Следовательно, нам необходимо понять, каким образом прогрессируют оценки, которые вызывают эмоцию. Это необходимо сделать по двум причинам: независимо от того, что это за система, она является первым шагом в нашем моральном анализе и может предоставить точку отсчета для наших моральных суждений. Рассматриваемая с другой стороны, это часть нашего разума, которая оценивает намерения, действия и последствия; возможно, она является центром морального размышления, частью нашей психологии, которая выносит исходный приговор о допустимом, обязательном или запрещенном поведении. Если этот взгляд является правильным, тогда наши эмоции, включая эмпатию Хоффмана, находятся в «нижнем слое движения», представляя фрагменты психики, вызываемые бессознательными моральными суждениями. Эмоции играют свою роль, как утверждали Юм и Хоффман. Но в большей степени, чем внося вклад в порождение морального суждения, наши эмоции могут функционировать подобно весам, заставляя нас склониться к одному выбору, а не к другому. Когда, вследствие мозговой травмы, эмоции слишком сильны или, напротив, отсутствуют, наша компетентность судить о моральных ситуациях может остаться без изменений, даже если способность совершать правильные поступки существенно падает. Серийные убийцы, педофилы, насильники, воры и другие преступники могут признавать разницу между добром и злом, но им не хватает эмоционального компонента, чтобы следовать своим интуитивным размышлениям.

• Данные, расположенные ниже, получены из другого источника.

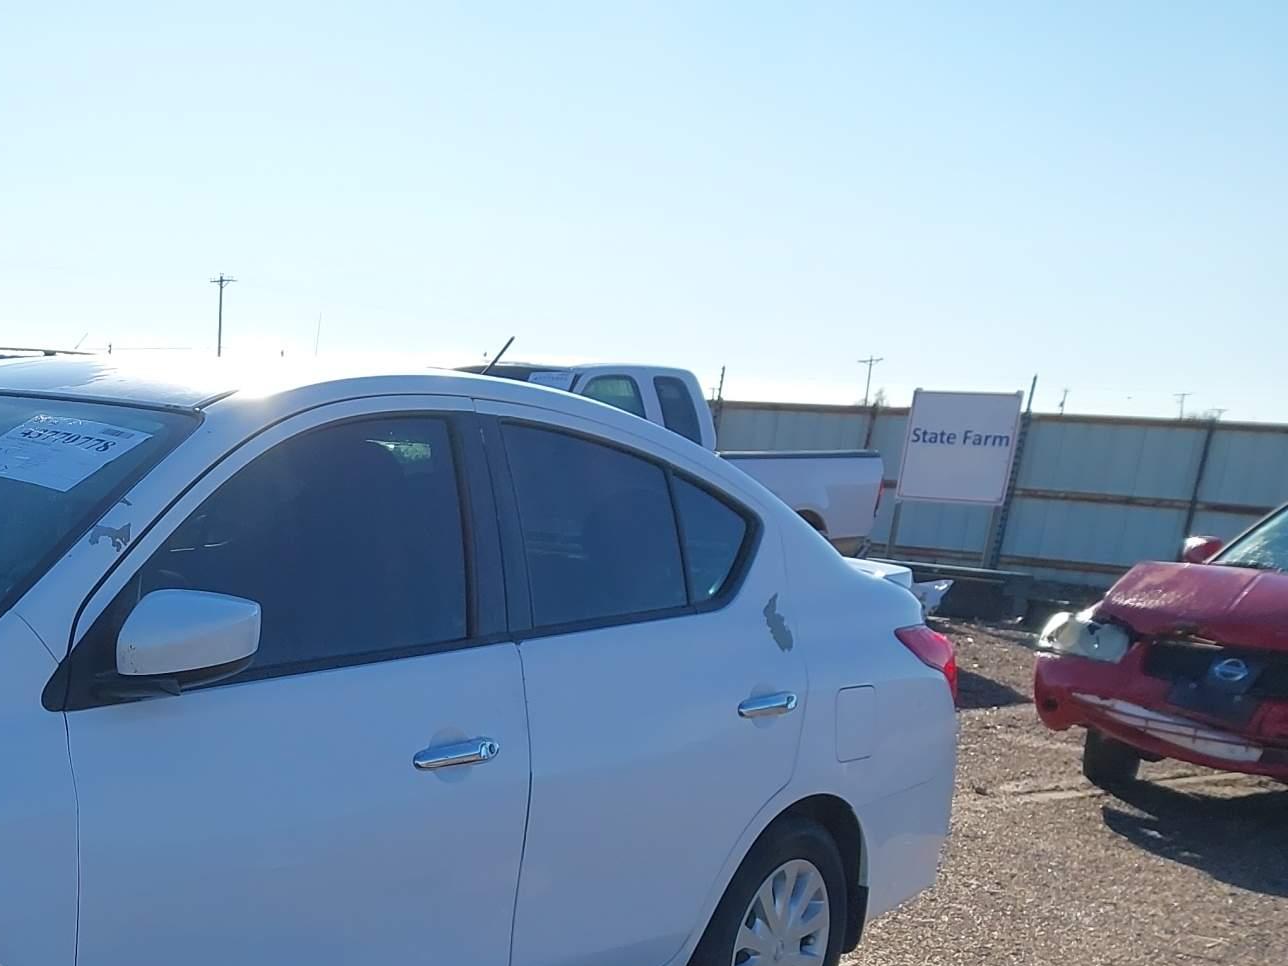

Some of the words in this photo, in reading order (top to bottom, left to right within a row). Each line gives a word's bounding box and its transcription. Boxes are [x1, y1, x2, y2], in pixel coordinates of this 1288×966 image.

[21, 428, 117, 453] 43770778
[911, 427, 957, 445] State
[962, 430, 1011, 447] Farm
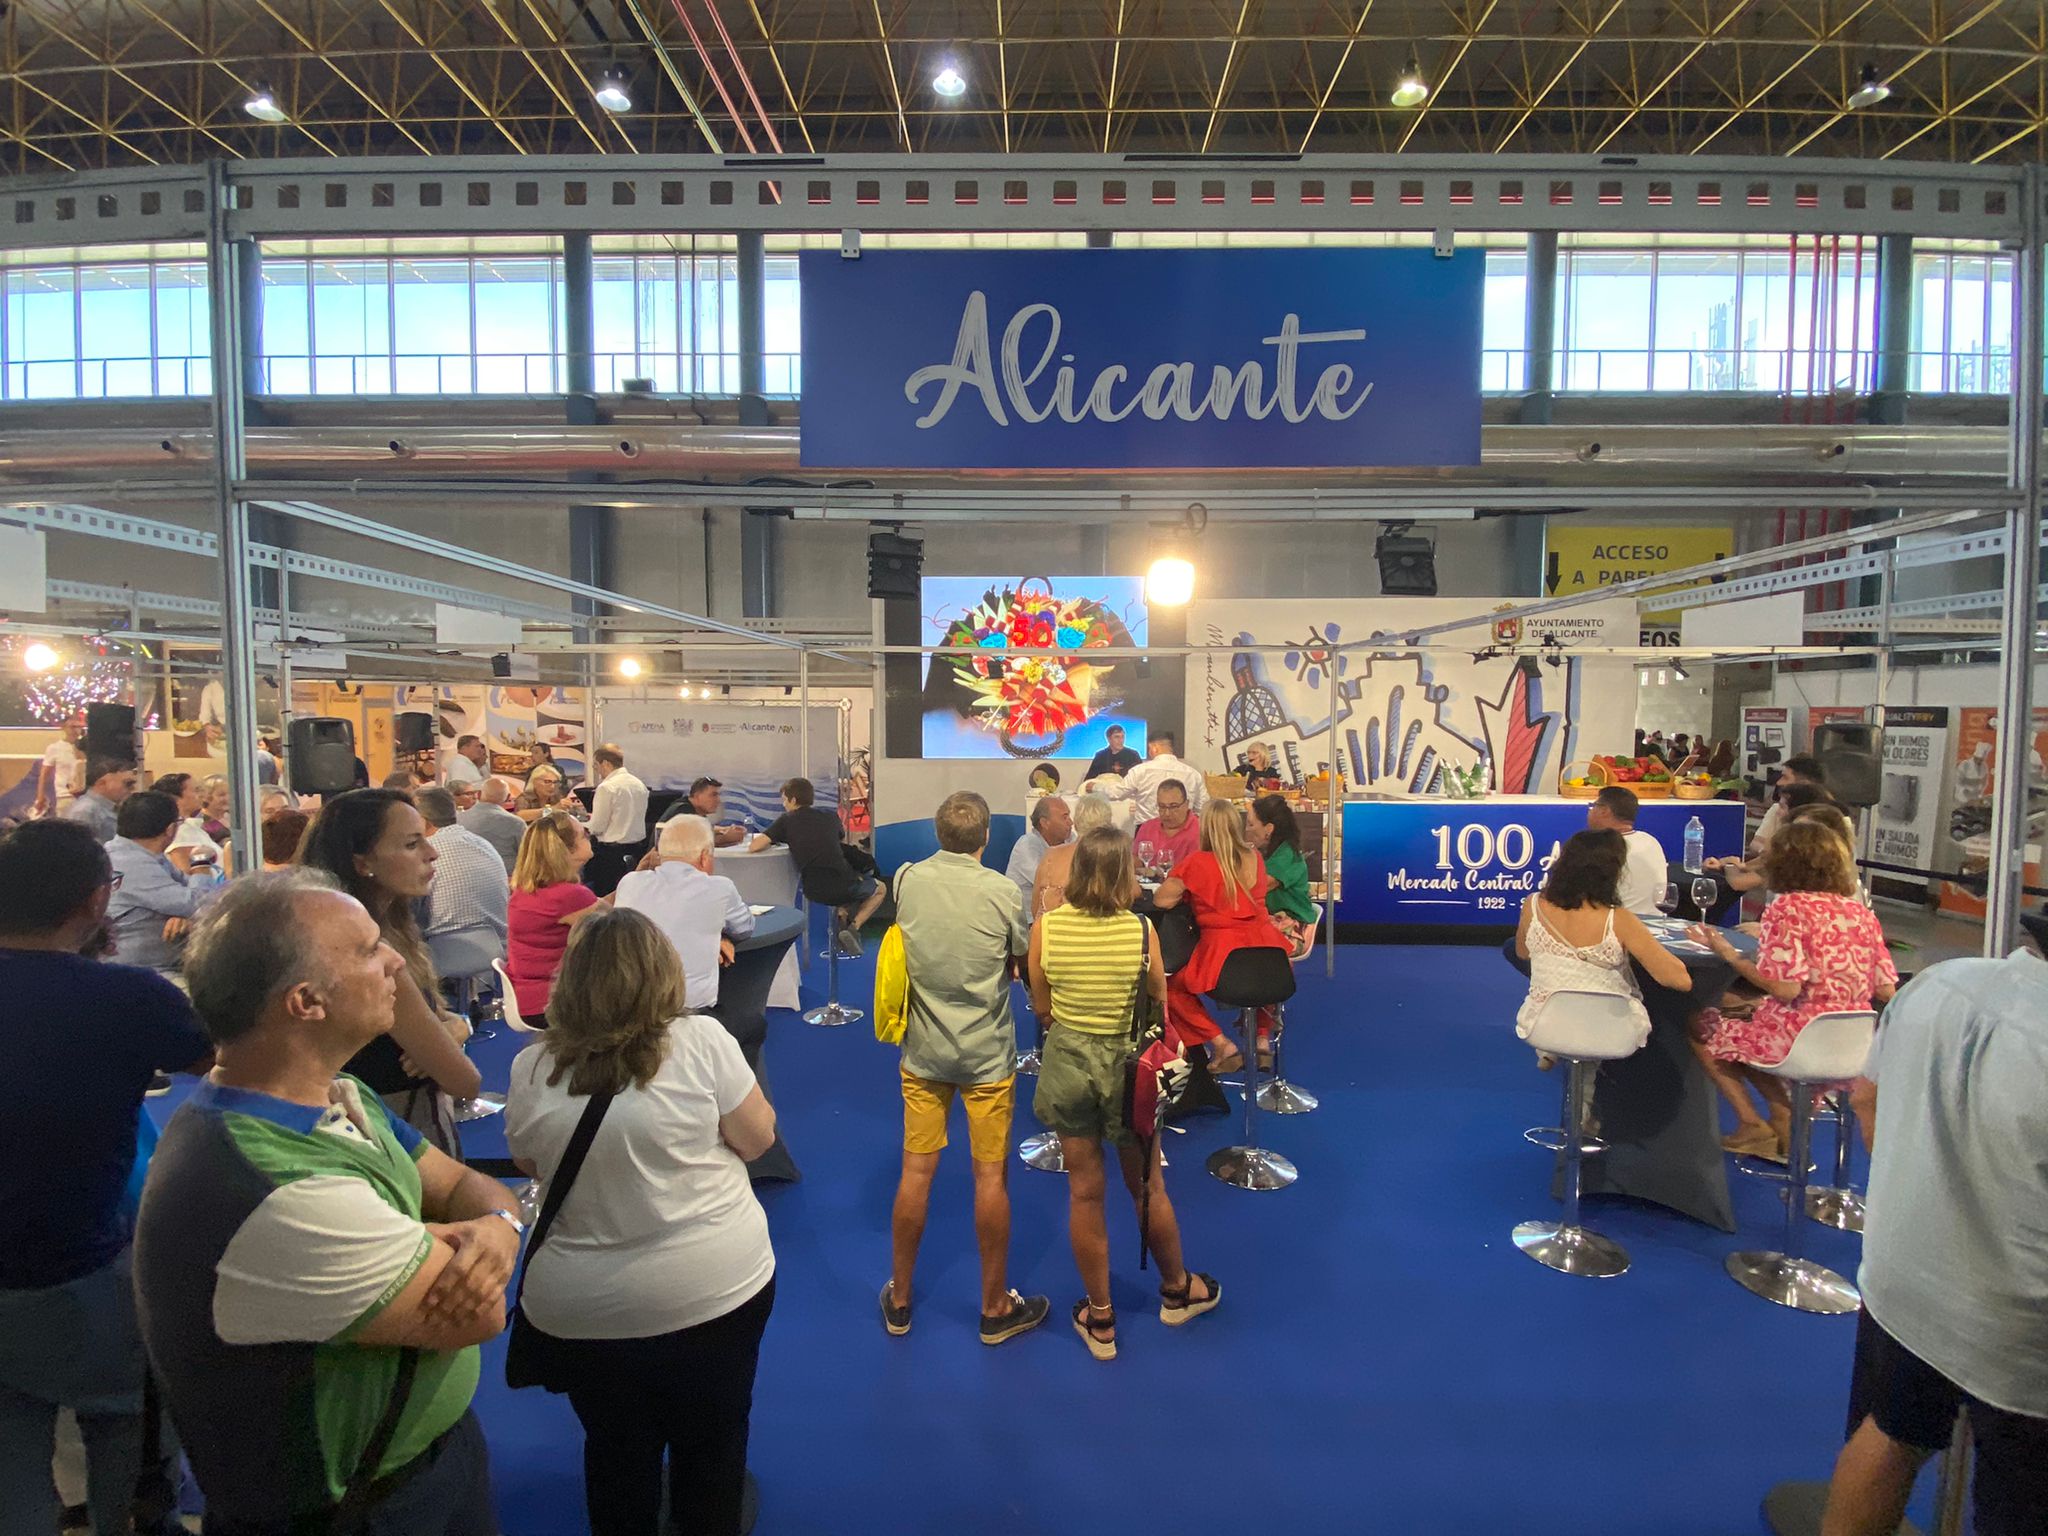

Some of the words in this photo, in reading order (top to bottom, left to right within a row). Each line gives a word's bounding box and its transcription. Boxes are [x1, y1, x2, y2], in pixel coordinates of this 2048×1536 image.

[904, 290, 1374, 428] Alicante
[1592, 545, 1669, 560] ACCESO
[1572, 570, 1585, 584] A
[1526, 618, 1605, 628] AYUNTAMIENTO
[1531, 630, 1545, 639] DE
[1547, 630, 1598, 639] ALICANTE
[1431, 824, 1534, 870] 100
[1388, 867, 1460, 893] Mercado
[1465, 869, 1534, 891] Central
[1477, 896, 1506, 910] 1922
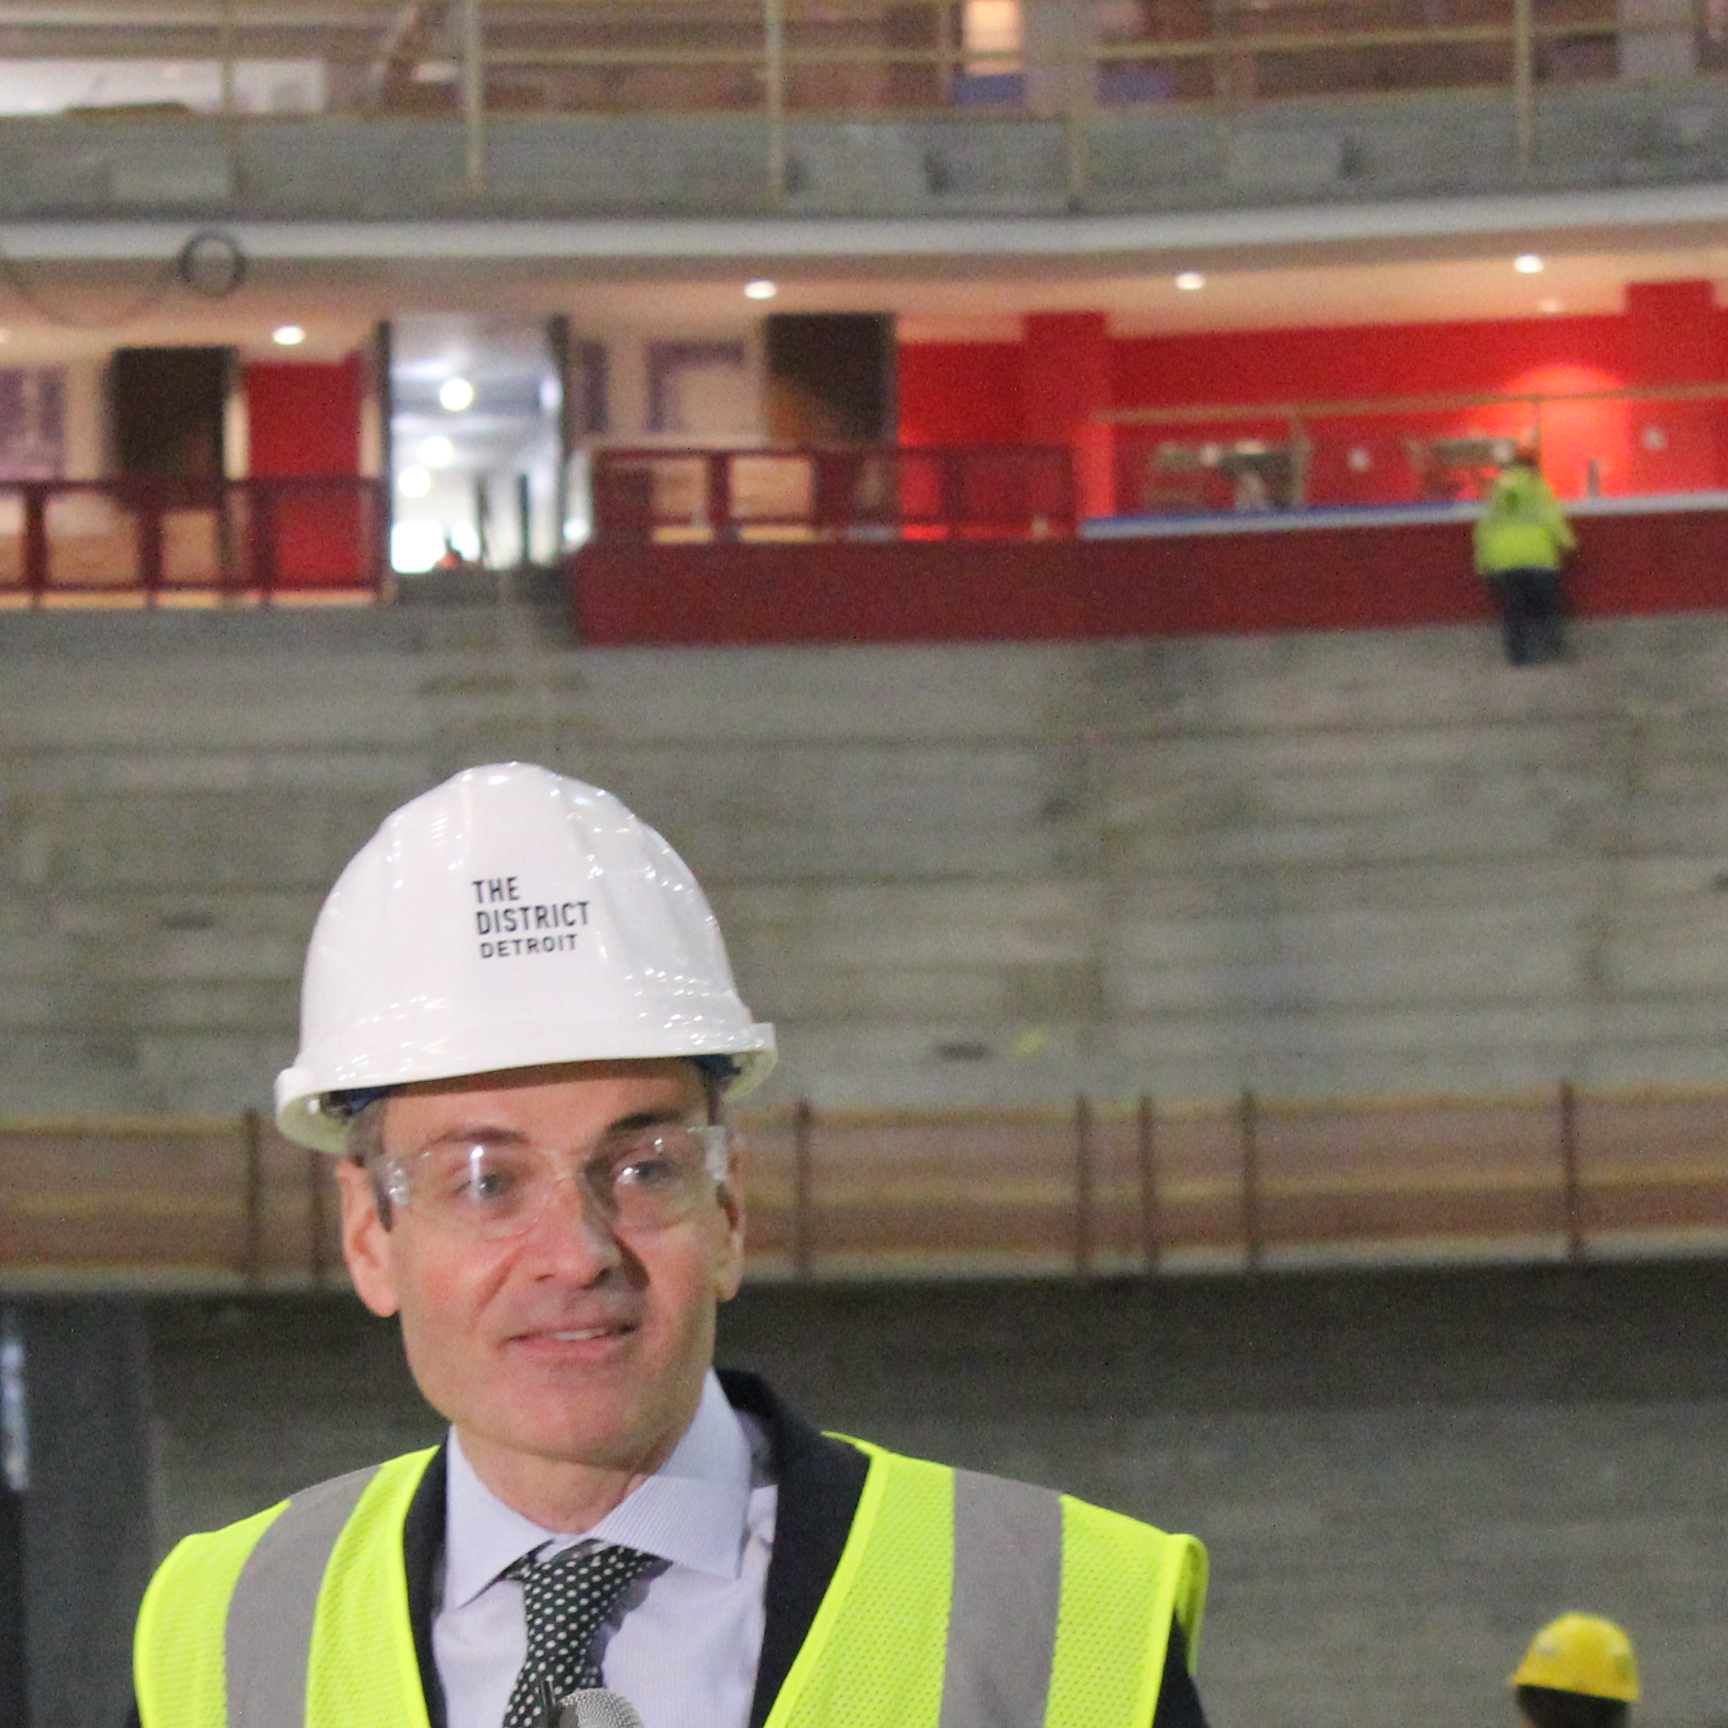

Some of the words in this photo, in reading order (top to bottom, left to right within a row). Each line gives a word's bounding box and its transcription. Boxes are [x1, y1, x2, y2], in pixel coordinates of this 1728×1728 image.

[471, 876, 520, 904] THE
[476, 901, 590, 935] DISTRICT
[480, 934, 578, 959] DETROIT

Рассмотрим опорные моменты. Моральные дилеммы создают конфликт, как правило, между двумя или более конкурирующими обязательствами. Столкнувшись с такими дилеммами, мы выносим суждение, приговор относительно характера человека или действия, признавая его нравственно хорошим или плохим. Эти суждения всегда делаются, сознательно или бессознательно, со ссылкой на набор определяемых культурой добродетелей и пороков. Некоторые суждения действительно возникают подобно вспышкам молнии, спонтанной, непредсказуемой и мощной. Кровосмешение — плохо, точно так же как издевательство над ребенком ради забавы. Помочь старику перейти через улицу — хорошо, так же как нянчить ребенка и давать деньги на благотворительные цели. Другие суждения появляются медленно и осознанно, после осторожного взвешивания всех «за» и «против».

Если мы соглашаемся, что женщина имеет право принимать решения, касающиеся ее тела, то аборт должен быть ее правом. Но плод также имеет некоторые права, даже если он не способен реализовать их. Конфликты часто возникают, когда разные стороны нашей личности выбирают между кантианским рассуждением и интуицией Юма: аборт может быть допустим, но чувствуется, что это неправильно, потому что аборт — убийство.